Skip to content
To WdKA graduates platform
Rodrigo
Cardoso

The Autonomous Web

How can people self-govern their internet experience? How can they obtain autonomy from the internet while still being able to use it according to their needs?

These are the questions at the core of The Autonomous Web, which takes the form of a hybrid publication. In its search for internet autonomy, this publication reimagines the web as two extreme versions of itself. An oppressive, alienating dystopia where users became enslaved by the web, and its polar opposite, a utopian realm where biological life and the autonomous internet exist in true cybernetic harmony.

The negative story takes the form of a comic novel, examining the myriad ways in which the internet cunningly takes away our freedom. In this world, which could be us in a not so distant future, people live in a zombie-like state. Constantly connected to their digital devices, that shun them from reality, they live and die as data generators for the Cloud.

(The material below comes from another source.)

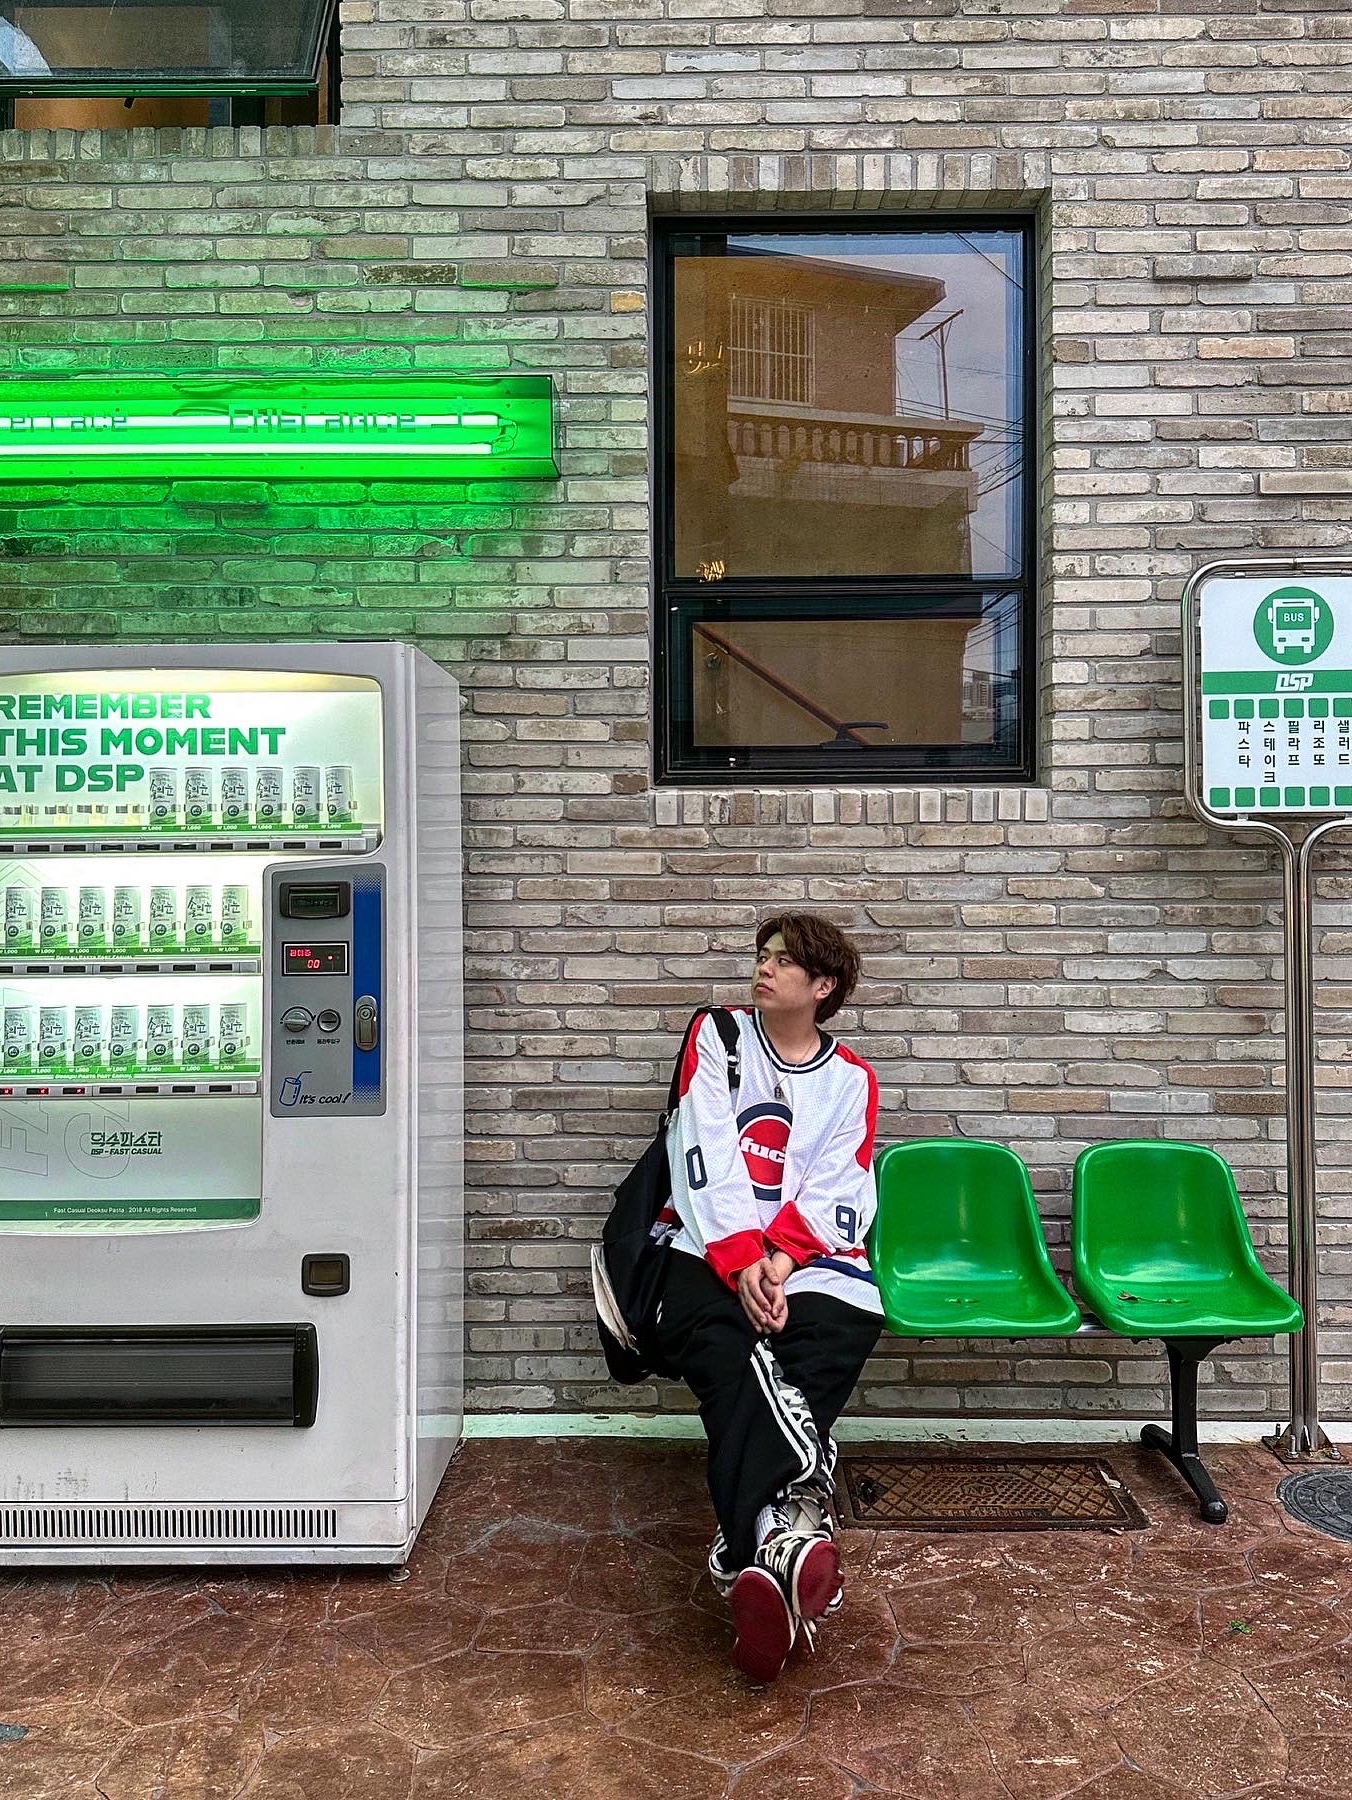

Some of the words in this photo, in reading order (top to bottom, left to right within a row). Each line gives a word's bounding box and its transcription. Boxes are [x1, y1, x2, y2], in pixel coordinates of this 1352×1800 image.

The positive story is a catalogue of experiments, thoughts and behaviours focused on autonomy and the internet. It addresses the nasty aspects of the web as told in the pessimistic story. In doing so, it reimagines the internet as we know it as the speculative Autonomous Web, an internet which is decentralised, where people have control over their own data, identity and actions and where browsing is an embodied and often multi-user experience.

Lastly, the Experimental Handbook for Internet Autonomy is a Zine, which you can print from its digital counterpart. As the physical element of this publication, it takes the experiments and behaviours of the speculative Autonomous Web and turns them into executable ‘human algorithms’, making them tangible tools for collaborative (re)thinking about our relationship to the network.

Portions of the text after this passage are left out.